In: Finance
Many companies paid dividends in 20YY and these payouts were attributed to the large cash build-up relative to the market values of many firms. Starbucks was an example of this phenomenon. After two years of poor performance and store closings, in the first quarter of 20YY, Starbucks announced its first dividend payout. They announced not only a 10 cent dividend per share but also announced they would begin to buy back their own shares. Most analysts believe Starbucks has passed the fast-growth stage and are entering a maturity period. What is Starbucks share repurchase and enhanced dividend saying about its future prospects?

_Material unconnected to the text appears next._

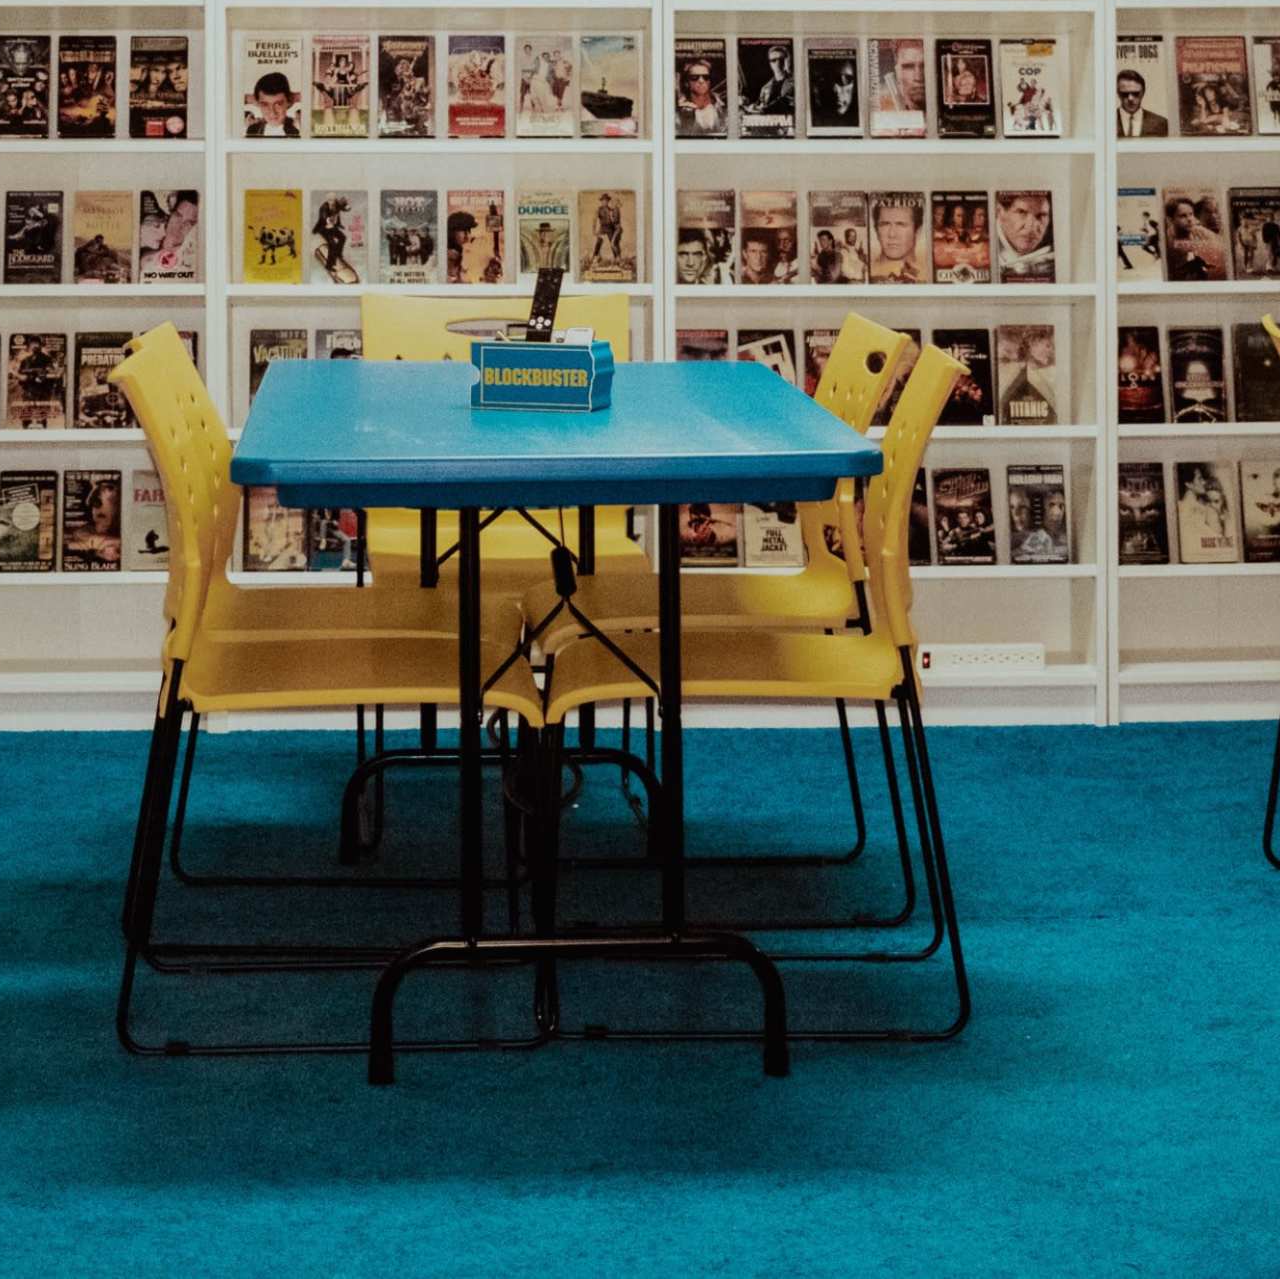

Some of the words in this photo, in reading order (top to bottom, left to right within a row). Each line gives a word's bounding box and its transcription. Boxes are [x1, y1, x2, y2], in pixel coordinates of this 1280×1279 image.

Starbucks share repurchase and enhanced dividend indicates that the company wants to presently reward its shareholders and give them back as much as possible. The company expects the future to be promising and its recent deal with Nestle is expected to be accretive to its earnings. Thus the company’s decision with regards to share repurchase and enhanced dividend is being guided by its positive outlook for the future and that alliances like that with Nestle will enhance its business prospects in future and give its earnings, top-line and bottom-line further traction. Further share repurchase will also help Starbucks to shore up its financial ratios like earnings per share (EPS).
Thus we can say that future prospects of Starbucks does appear bright and the recent decisions of the company to pay increased dividends and buyback its shares is just to reward the shareholders after two years of dismal financial performance. Analysts are most probably wrong in saying that Starbucks is entering a maturity period and deals like the Nestle deal will further augment and boost the company’s growth and financial performance in future, thus ensuring that high growth continues for some time in future.